_Task directions_
Exactly repeat all the records below, omitting the images they hold.
==== Exercise inputs ====
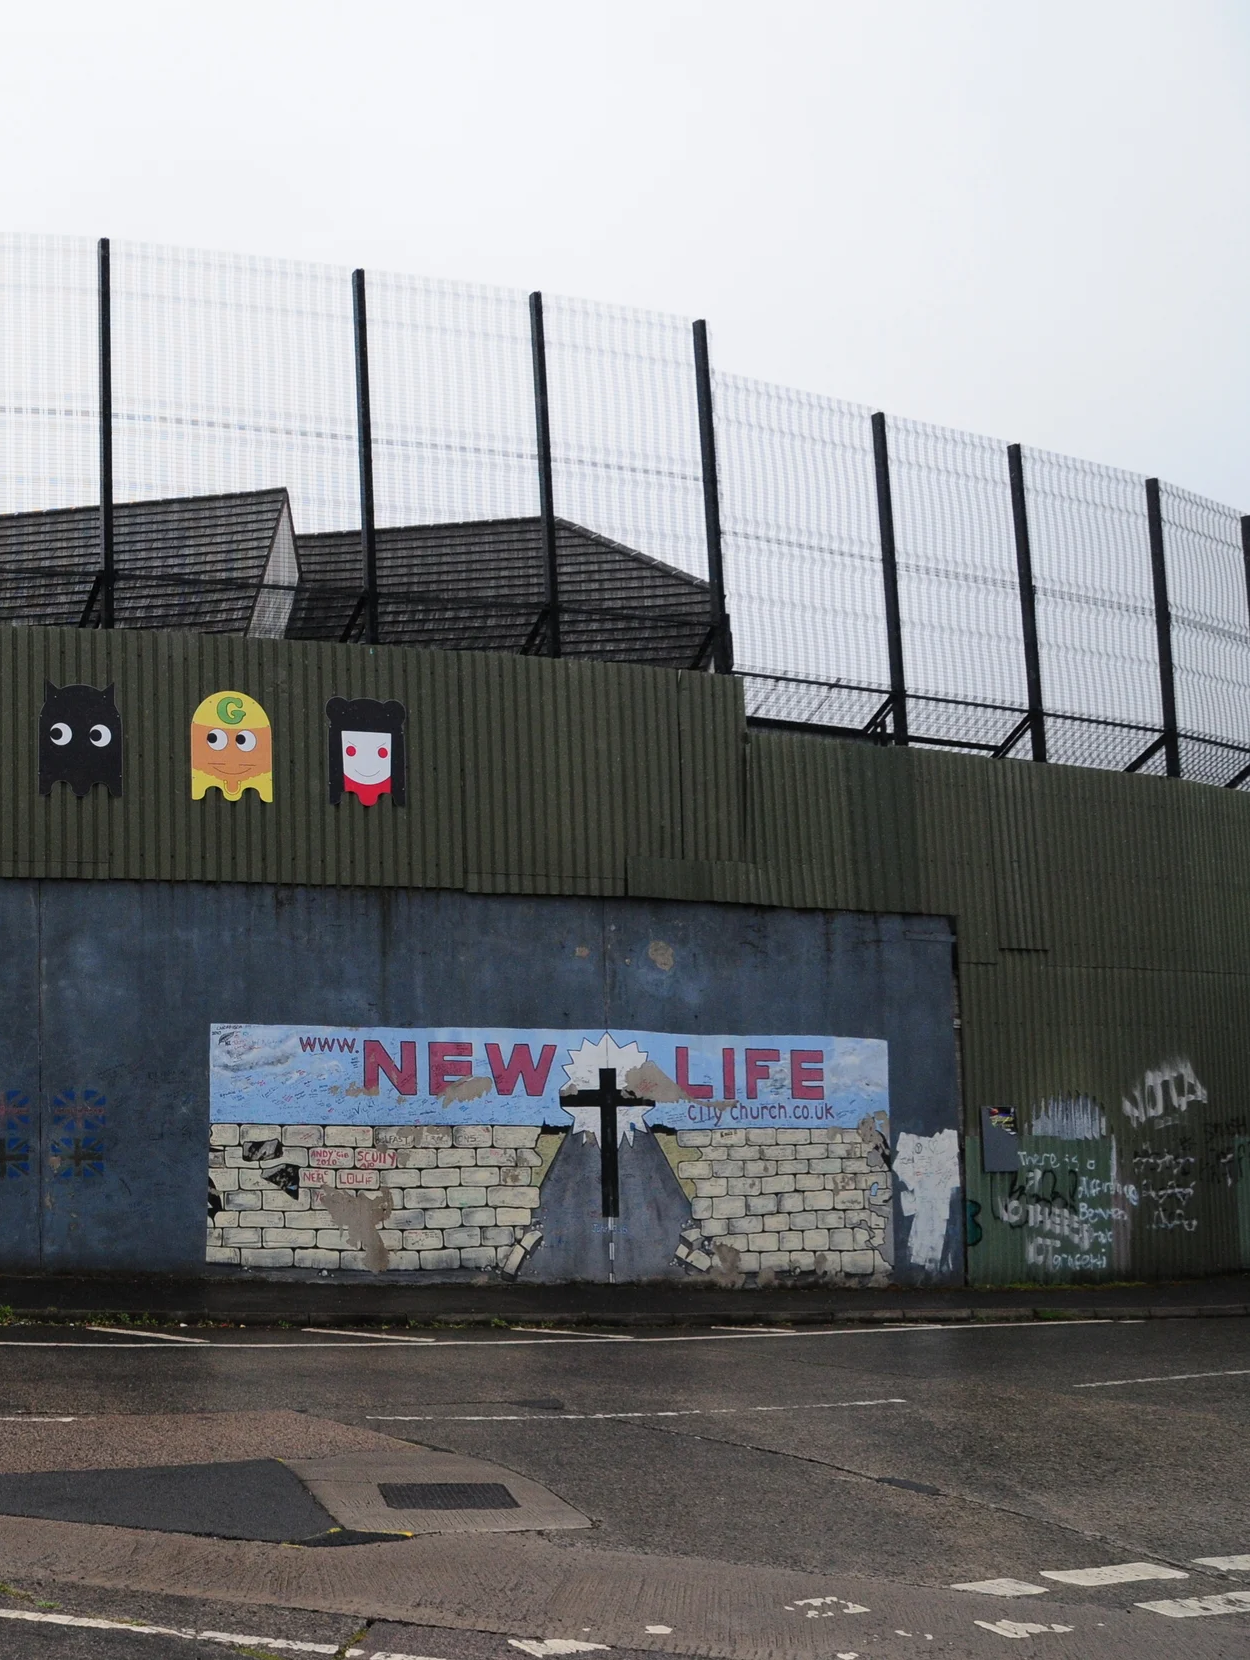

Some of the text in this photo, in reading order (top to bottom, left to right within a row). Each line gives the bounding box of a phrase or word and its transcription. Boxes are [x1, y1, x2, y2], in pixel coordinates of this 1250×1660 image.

[217, 697, 246, 724] G
[299, 1036, 360, 1054] www.
[363, 1039, 558, 1097] NEW
[675, 1046, 825, 1100] LIFE
[729, 1102, 836, 1120] church.co.uk
====
_Final answer_
Some of the text in this photo, in reading order (top to bottom, left to right within a row). Each line gives the bounding box of a phrase or word and its transcription. Boxes are [x1, y1, x2, y2], in pixel coordinates of this 1250×1660 image.

[217, 697, 246, 724] G
[299, 1036, 360, 1054] www.
[363, 1039, 558, 1097] NEW
[675, 1046, 825, 1100] LIFE
[729, 1102, 836, 1120] church.co.uk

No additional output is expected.